* _Dataset entries_
== Segment start ==
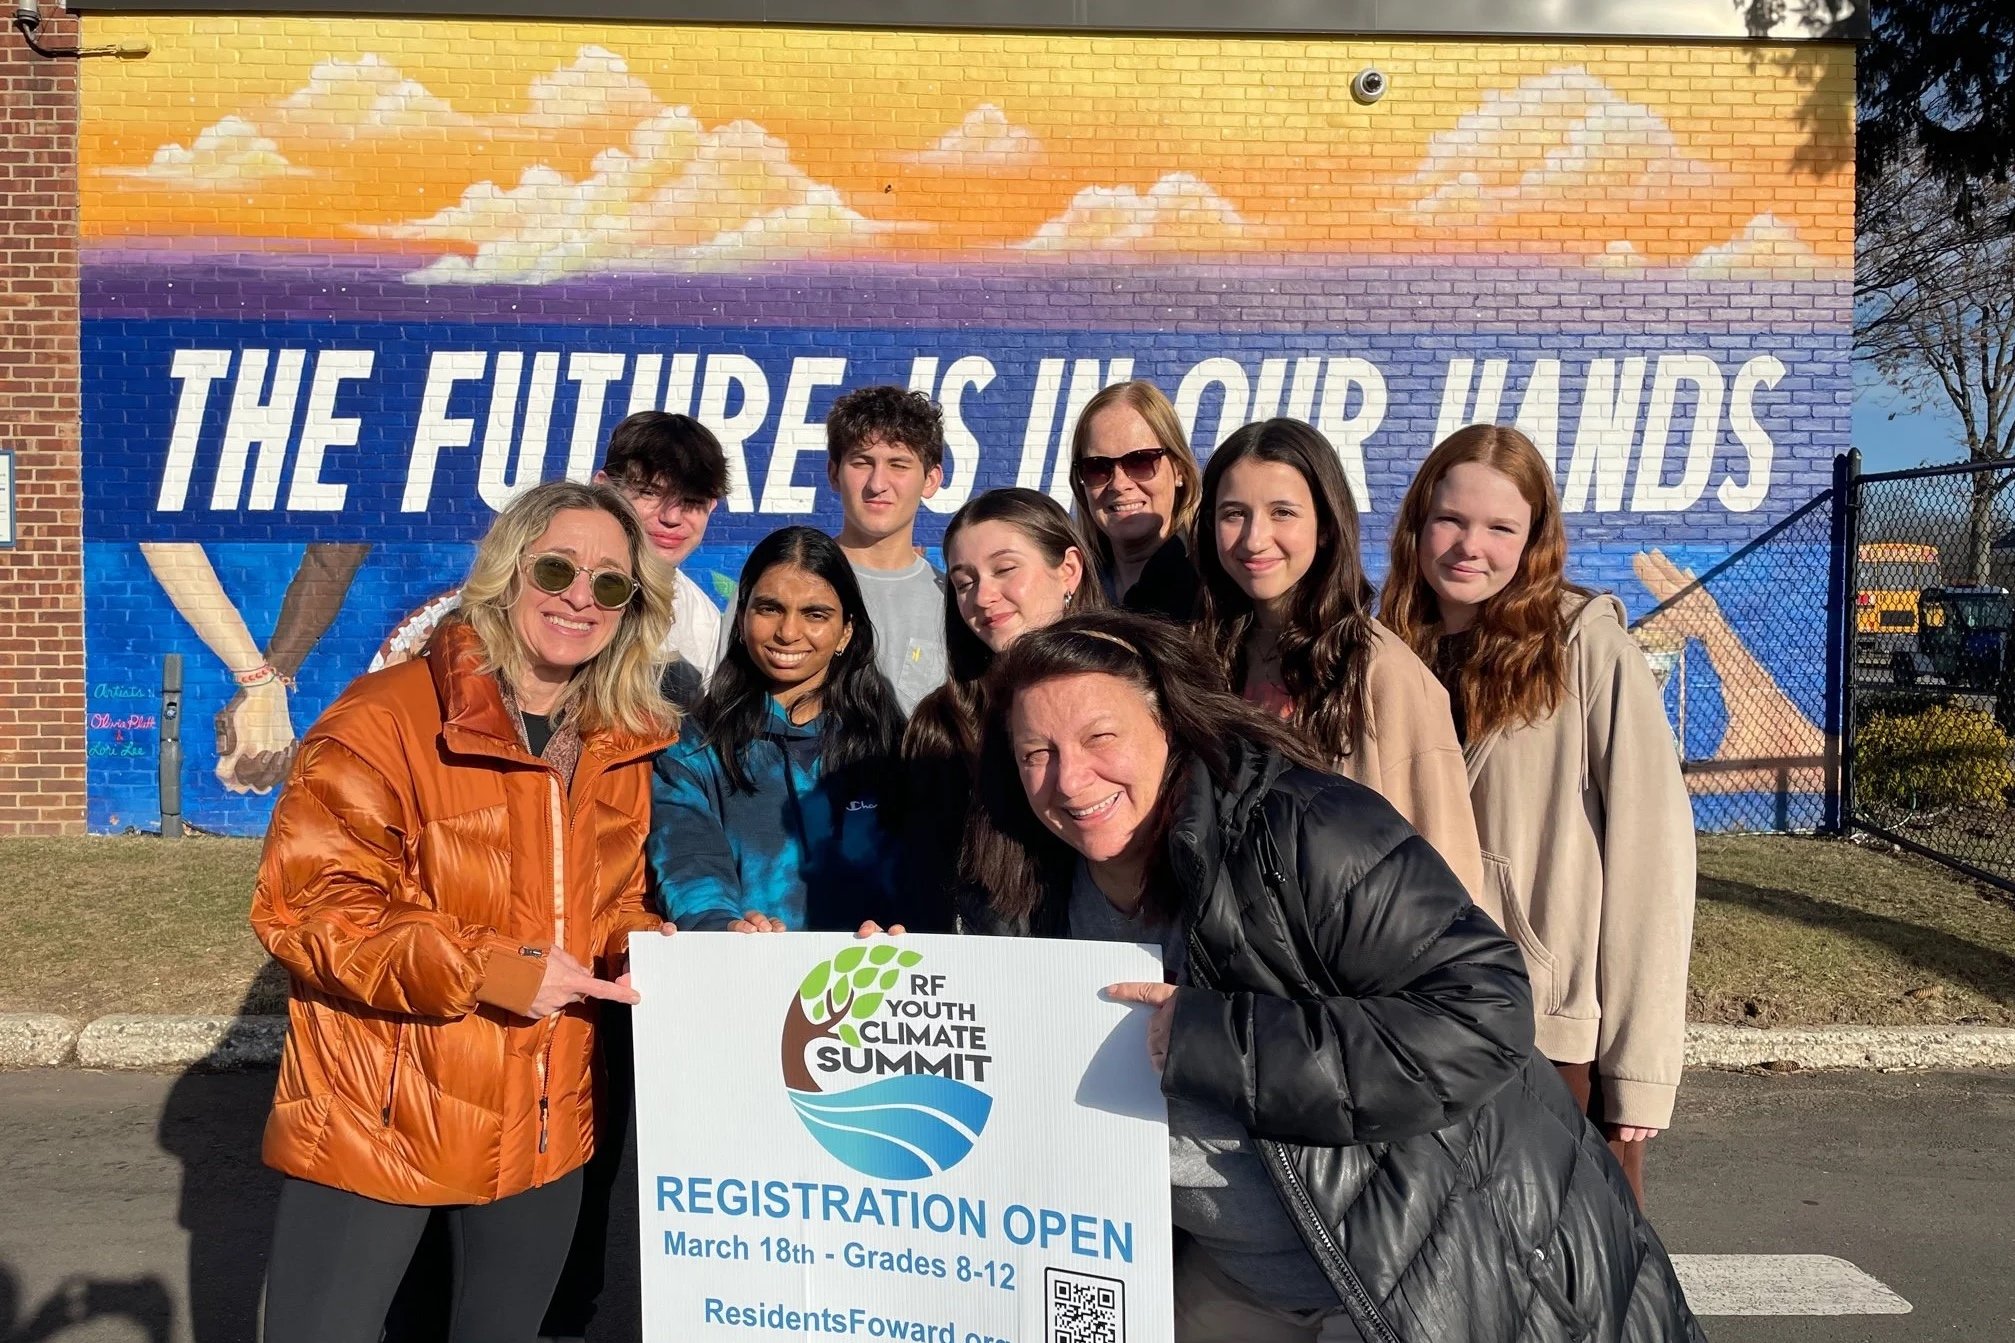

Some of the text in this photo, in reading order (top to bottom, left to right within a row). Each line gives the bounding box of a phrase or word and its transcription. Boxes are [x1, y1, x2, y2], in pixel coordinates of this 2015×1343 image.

[156, 348, 375, 512] THE
[902, 355, 997, 514] S
[89, 741, 117, 756] Lori
[910, 974, 946, 997] RF
[885, 999, 976, 1022] YOUTH
[859, 1020, 987, 1051] CLIMATE
[816, 1046, 993, 1083] SUMMIT
[656, 1175, 1133, 1263] REGISTRATION OPEN
[664, 1230, 749, 1261] March
[760, 1236, 815, 1265] 18th
[843, 1241, 947, 1279] Grades
[956, 1255, 1015, 1291] 8-12
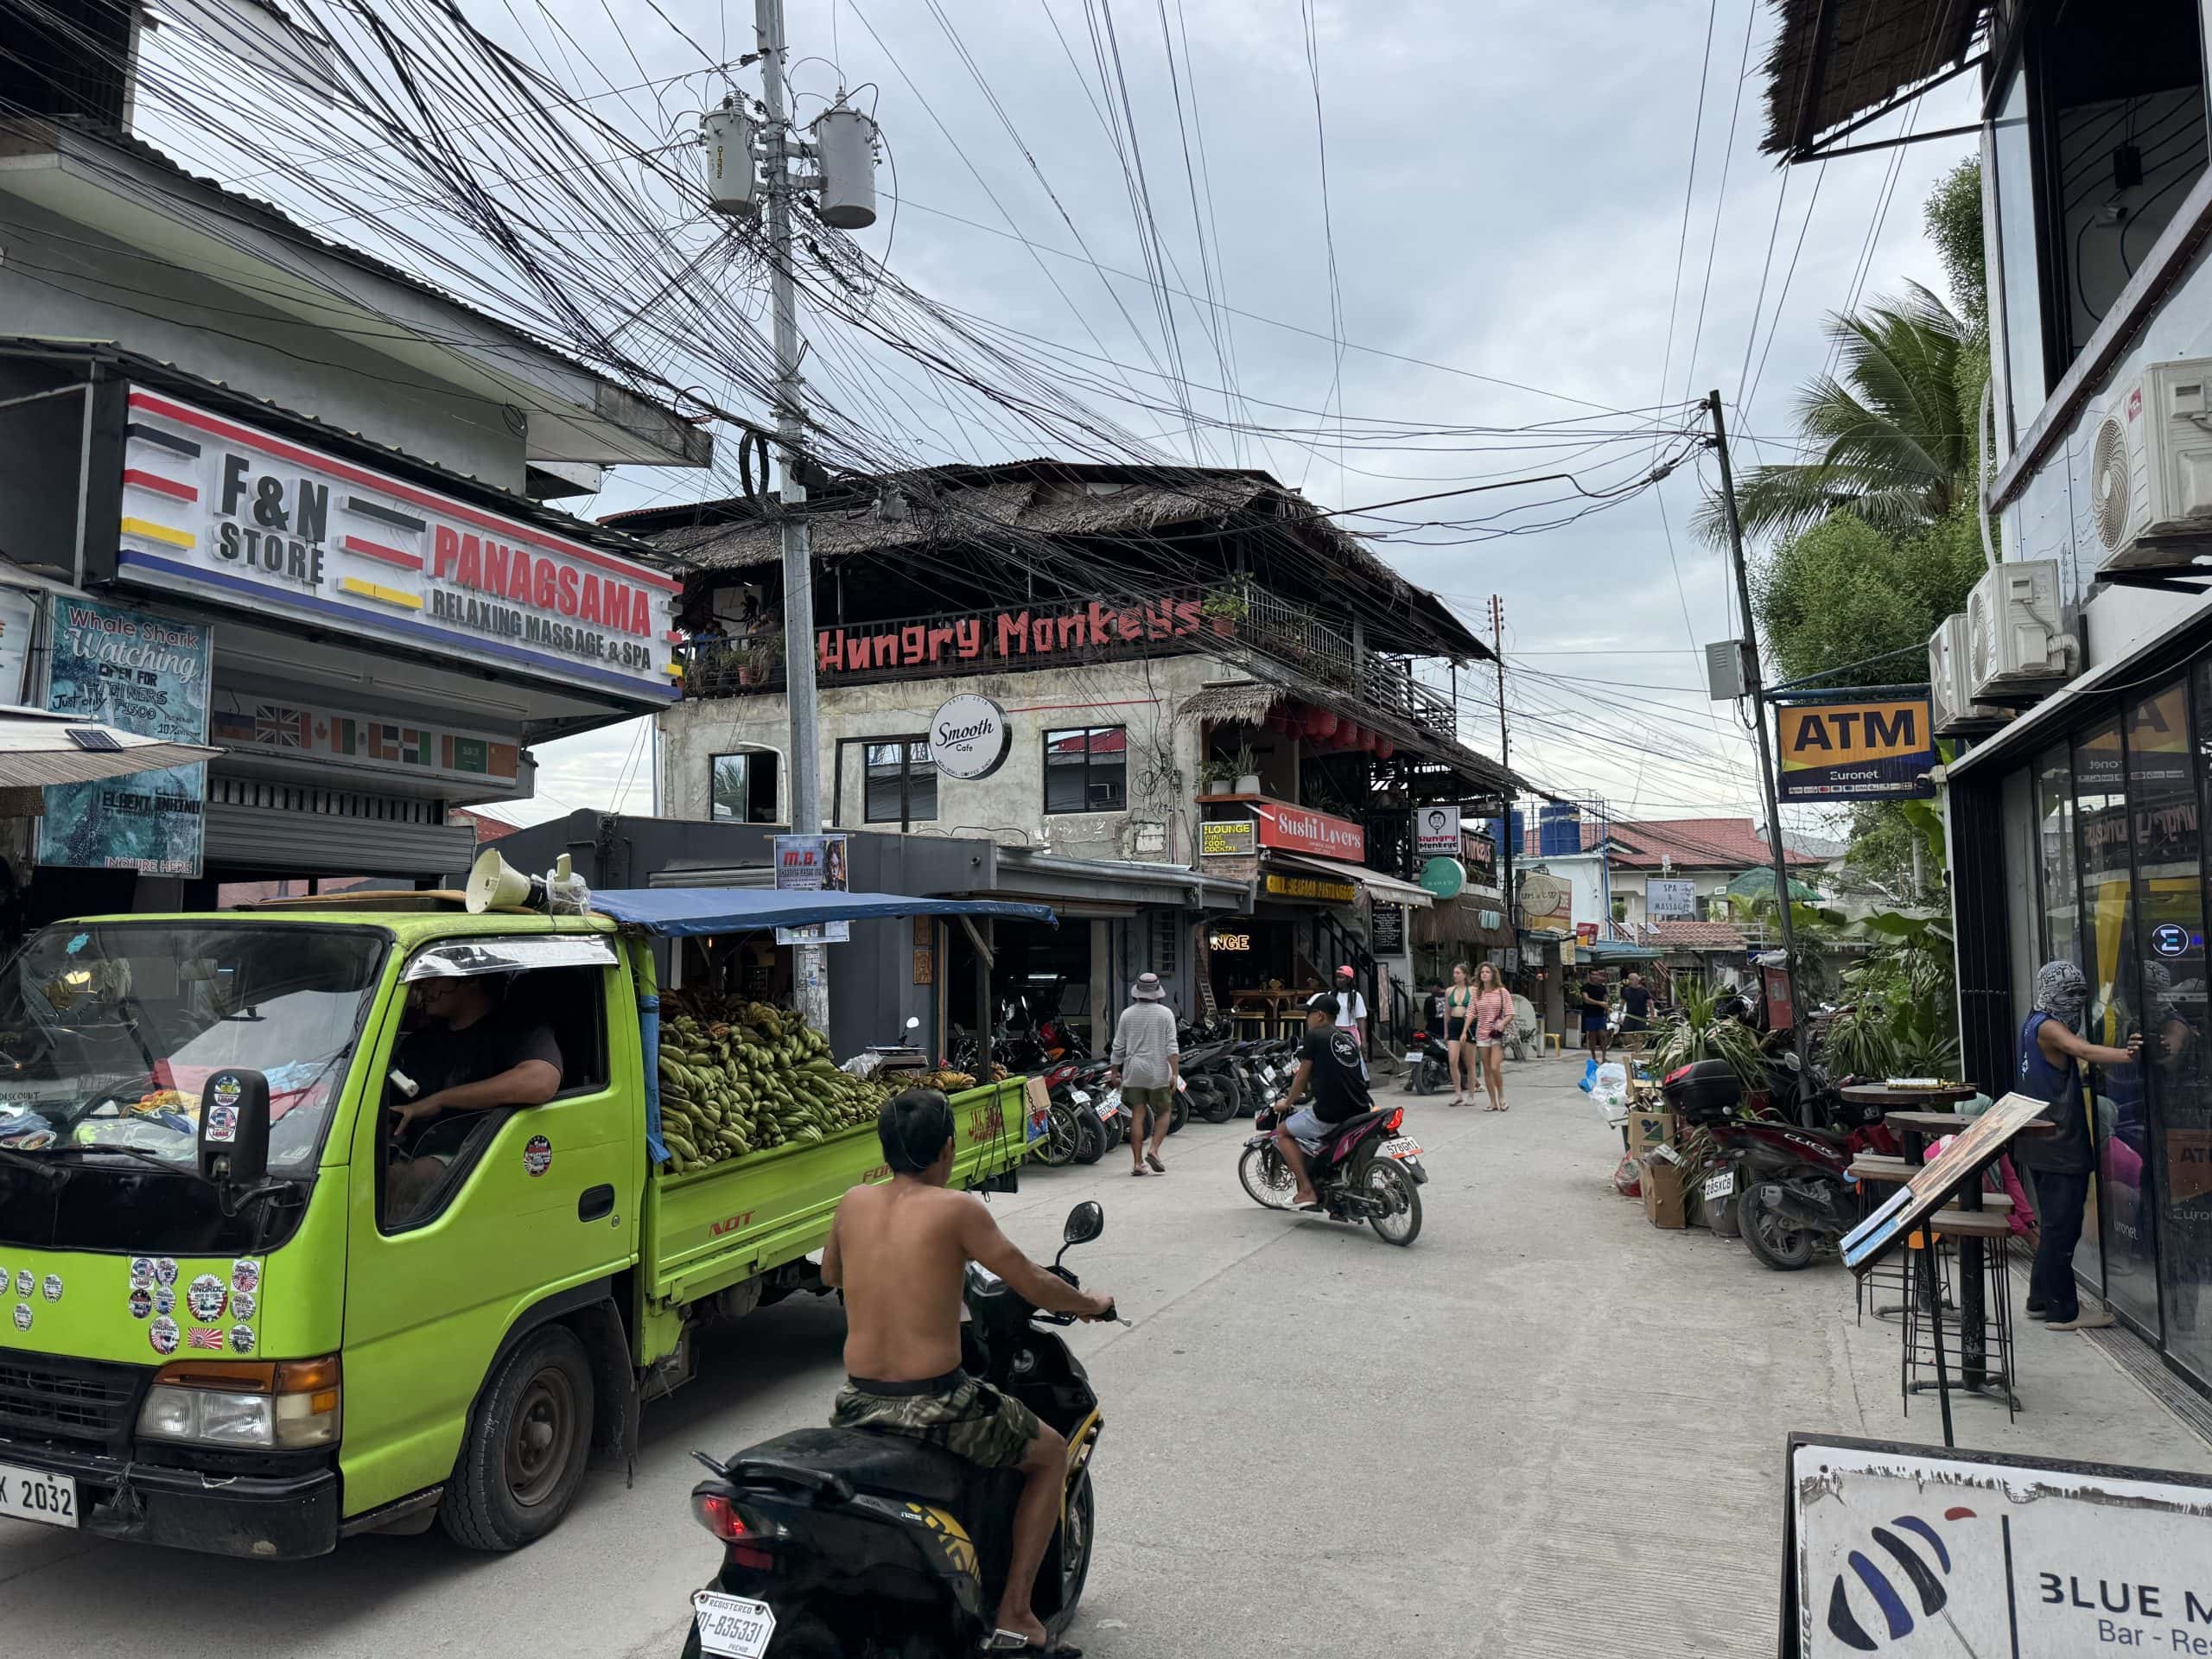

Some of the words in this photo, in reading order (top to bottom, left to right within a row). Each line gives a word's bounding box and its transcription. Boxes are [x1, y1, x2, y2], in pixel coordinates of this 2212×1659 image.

[222, 453, 328, 543] F&N
[219, 522, 324, 584] STORE
[434, 524, 652, 638] PANAGSAMA
[69, 606, 137, 637] Whale
[142, 621, 200, 650] Shark
[433, 588, 522, 635] RELAXING
[525, 614, 604, 658] MASSAGE
[608, 641, 620, 658] &
[622, 641, 652, 670] SPA
[818, 620, 981, 671] Hungry
[997, 598, 1202, 656] Monkeys
[64, 627, 200, 684] Watching
[99, 663, 132, 680] OPEN
[137, 670, 158, 687] FOR
[53, 690, 83, 709] Just
[935, 718, 995, 747] Smooth
[1794, 709, 1916, 751] ATM
[1830, 770, 1879, 781] Euronet
[1208, 823, 1251, 834] LOUNGE
[1279, 812, 1318, 841] Sushi
[1320, 822, 1362, 849] Lovers
[104, 856, 158, 873] INQUIRE
[160, 859, 193, 874] HERE
[1655, 902, 1689, 912] MASSAGE
[1784, 1133, 1834, 1155] CLICK
[2181, 1147, 2212, 1163] AT
[1706, 1177, 1732, 1196] 285XCB
[709, 1210, 756, 1237] NOT
[2173, 1208, 2212, 1222] Euro
[22, 1480, 73, 1516] 2032
[709, 1599, 753, 1614] REGISTERED
[2098, 1618, 2144, 1646] Bar
== Segment end ==
* _What to do_
Give every line above again exactly, omitting whatever pictures appear.

* _Exercise output_
Some of the text in this photo, in reading order (top to bottom, left to right within a row). Each line gives the bounding box of a phrase or word and its transcription. Boxes are [x1, y1, x2, y2], in pixel coordinates of this 2015×1343 image.

[156, 348, 375, 512] THE
[902, 355, 997, 514] S
[89, 741, 117, 756] Lori
[910, 974, 946, 997] RF
[885, 999, 976, 1022] YOUTH
[859, 1020, 987, 1051] CLIMATE
[816, 1046, 993, 1083] SUMMIT
[656, 1175, 1133, 1263] REGISTRATION OPEN
[664, 1230, 749, 1261] March
[760, 1236, 815, 1265] 18th
[843, 1241, 947, 1279] Grades
[956, 1255, 1015, 1291] 8-12

Some of the words in this photo, in reading order (top to bottom, left to right within a row). Each line gives a word's bounding box and its transcription. Boxes are [x1, y1, x2, y2], in pixel coordinates of this 2212×1659 image.

[222, 453, 328, 543] F&N
[219, 522, 324, 584] STORE
[434, 524, 652, 638] PANAGSAMA
[69, 606, 137, 637] Whale
[142, 621, 200, 650] Shark
[433, 588, 522, 635] RELAXING
[525, 614, 604, 658] MASSAGE
[608, 641, 620, 658] &
[622, 641, 652, 670] SPA
[818, 620, 981, 671] Hungry
[997, 598, 1202, 656] Monkeys
[64, 627, 200, 684] Watching
[99, 663, 132, 680] OPEN
[137, 670, 158, 687] FOR
[53, 690, 83, 709] Just
[935, 718, 995, 747] Smooth
[1794, 709, 1916, 751] ATM
[1830, 770, 1879, 781] Euronet
[1208, 823, 1251, 834] LOUNGE
[1279, 812, 1318, 841] Sushi
[1320, 822, 1362, 849] Lovers
[104, 856, 158, 873] INQUIRE
[160, 859, 193, 874] HERE
[1655, 902, 1689, 912] MASSAGE
[1784, 1133, 1834, 1155] CLICK
[2181, 1147, 2212, 1163] AT
[1706, 1177, 1732, 1196] 285XCB
[709, 1210, 756, 1237] NOT
[2173, 1208, 2212, 1222] Euro
[22, 1480, 73, 1516] 2032
[709, 1599, 753, 1614] REGISTERED
[2098, 1618, 2144, 1646] Bar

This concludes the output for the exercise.